• Assignment: Repeat the records exactly as given. Do not include the pictures.

Data Block Start

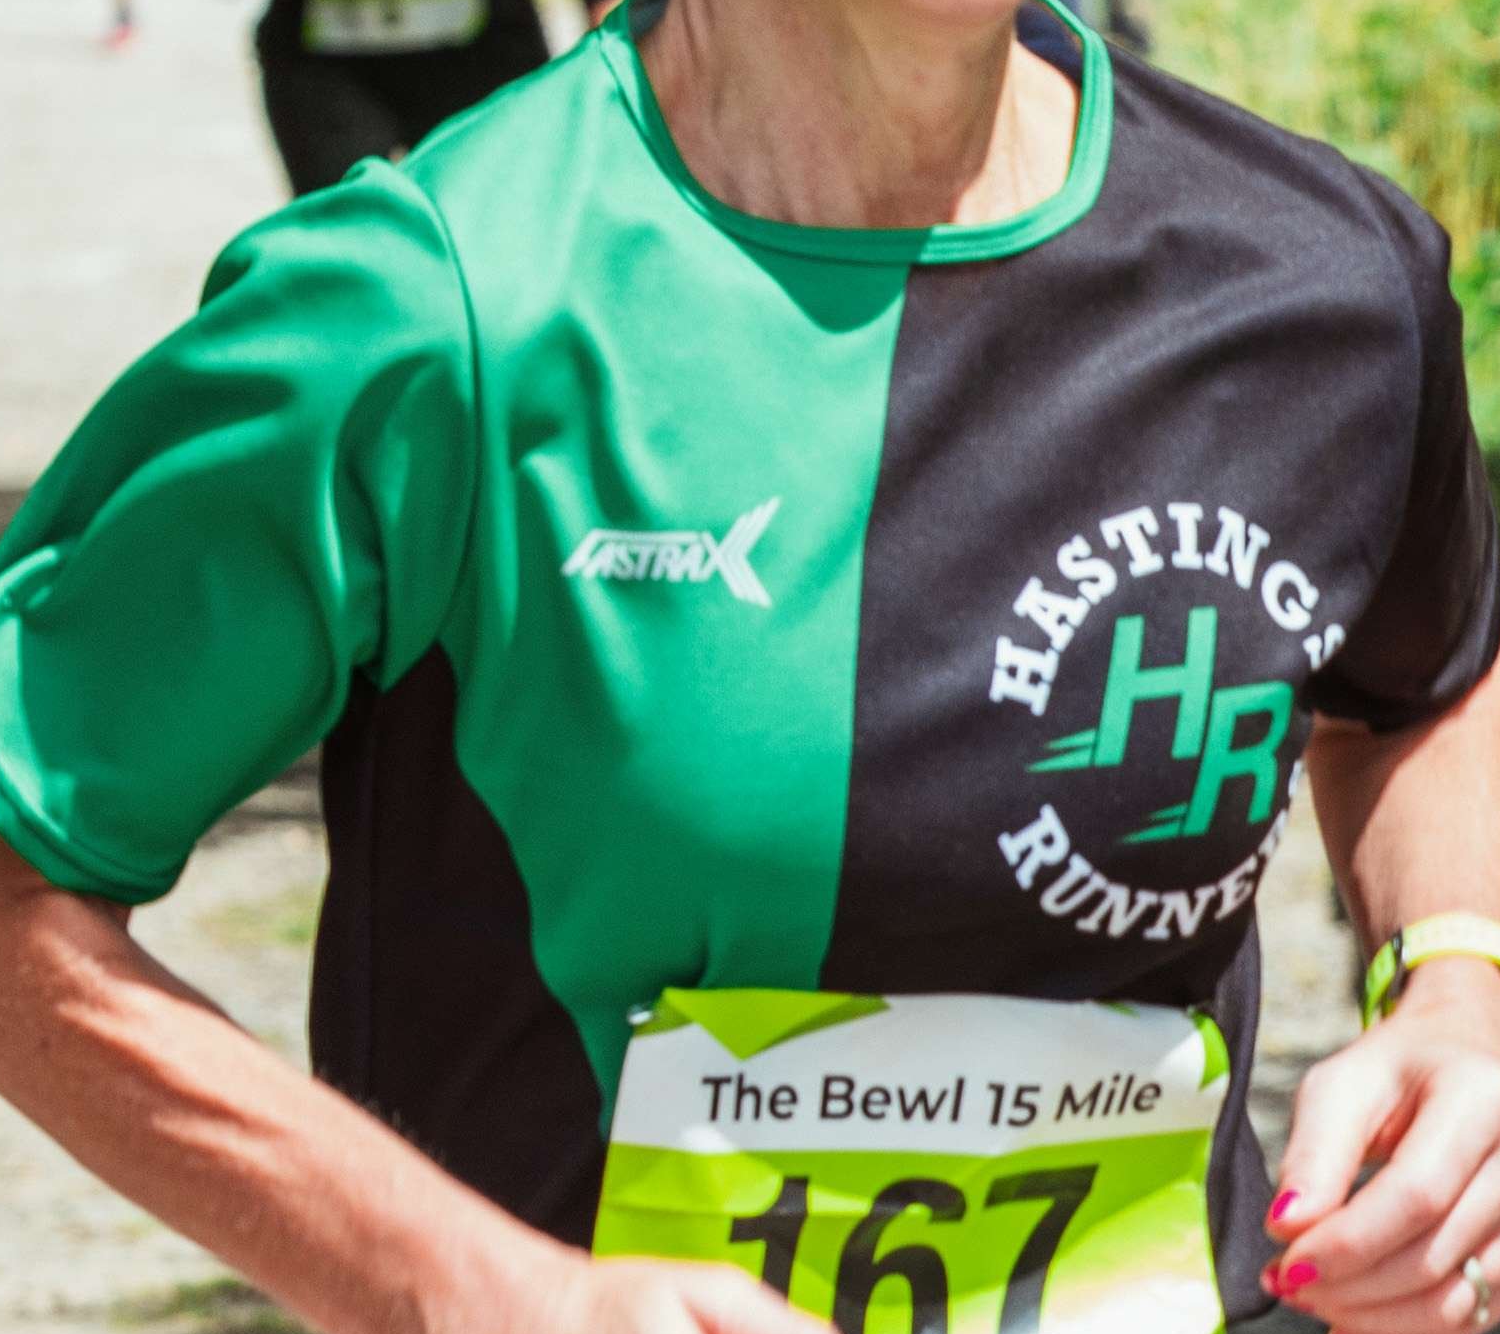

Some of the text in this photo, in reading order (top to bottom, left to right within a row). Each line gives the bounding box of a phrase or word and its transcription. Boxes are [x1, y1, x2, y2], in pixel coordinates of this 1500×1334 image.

[701, 1071, 1164, 1127] The Bewl 15 Mile
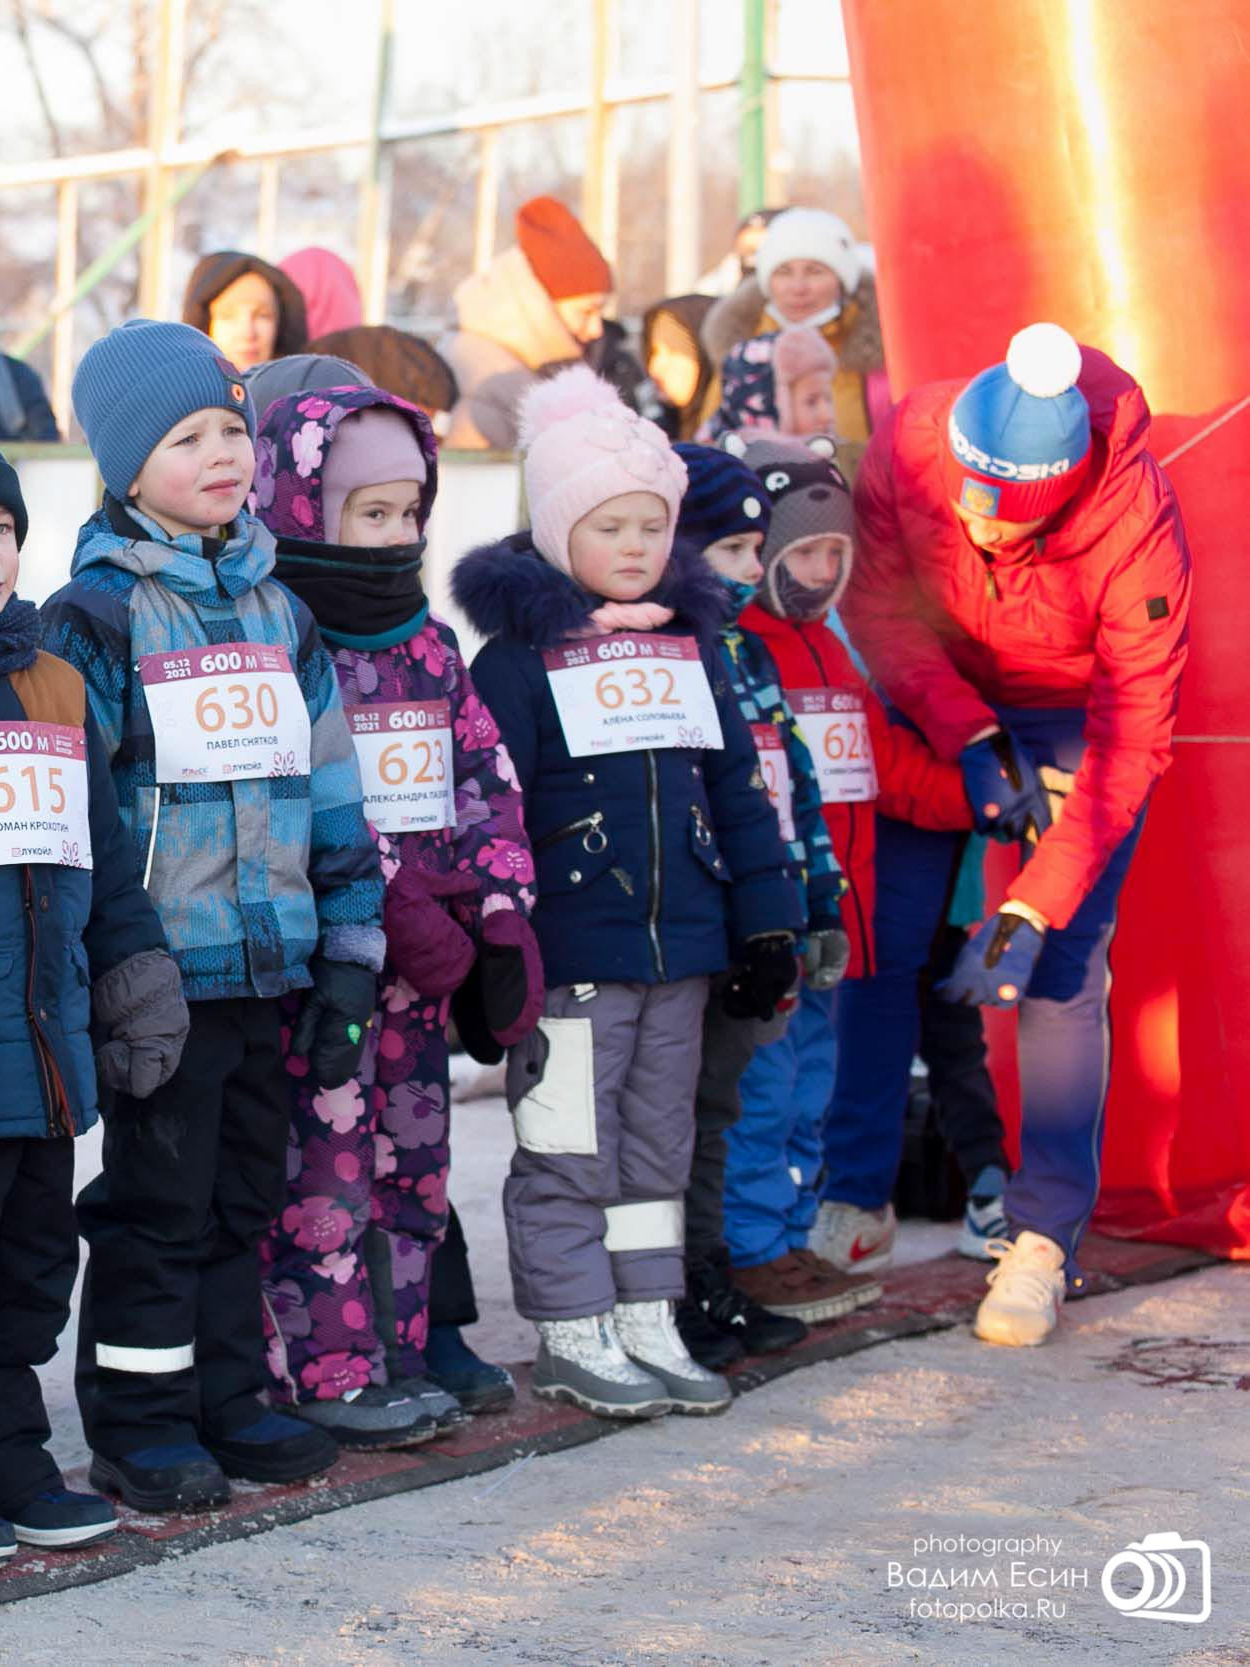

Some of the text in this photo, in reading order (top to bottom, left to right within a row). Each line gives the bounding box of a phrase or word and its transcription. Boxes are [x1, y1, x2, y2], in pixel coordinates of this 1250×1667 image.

[597, 640, 636, 660] 600
[163, 658, 190, 670] 05.12
[200, 652, 242, 673] 600
[165, 668, 191, 679] 2021
[595, 668, 681, 710] 632
[195, 683, 278, 733] 630
[389, 710, 426, 729] 600
[206, 737, 240, 751] ПАВЕЛ
[378, 739, 446, 786] 623

Data Block End

• Exercise result:
Some of the text in this photo, in reading order (top to bottom, left to right within a row). Each line gives the bounding box of a phrase or word and its transcription. Boxes are [x1, y1, x2, y2], in pixel coordinates of this 1500×1334 image.

[701, 1071, 1164, 1127] The Bewl 15 Mile

Some of the text in this photo, in reading order (top to bottom, left to right within a row). Each line gives the bounding box of a phrase or word and its transcription. Boxes are [x1, y1, x2, y2], in pixel coordinates of this 1250×1667 image.

[597, 640, 636, 660] 600
[163, 658, 190, 670] 05.12
[200, 652, 242, 673] 600
[165, 668, 191, 679] 2021
[595, 668, 681, 710] 632
[195, 683, 278, 733] 630
[389, 710, 426, 729] 600
[206, 737, 240, 751] ПАВЕЛ
[378, 739, 446, 786] 623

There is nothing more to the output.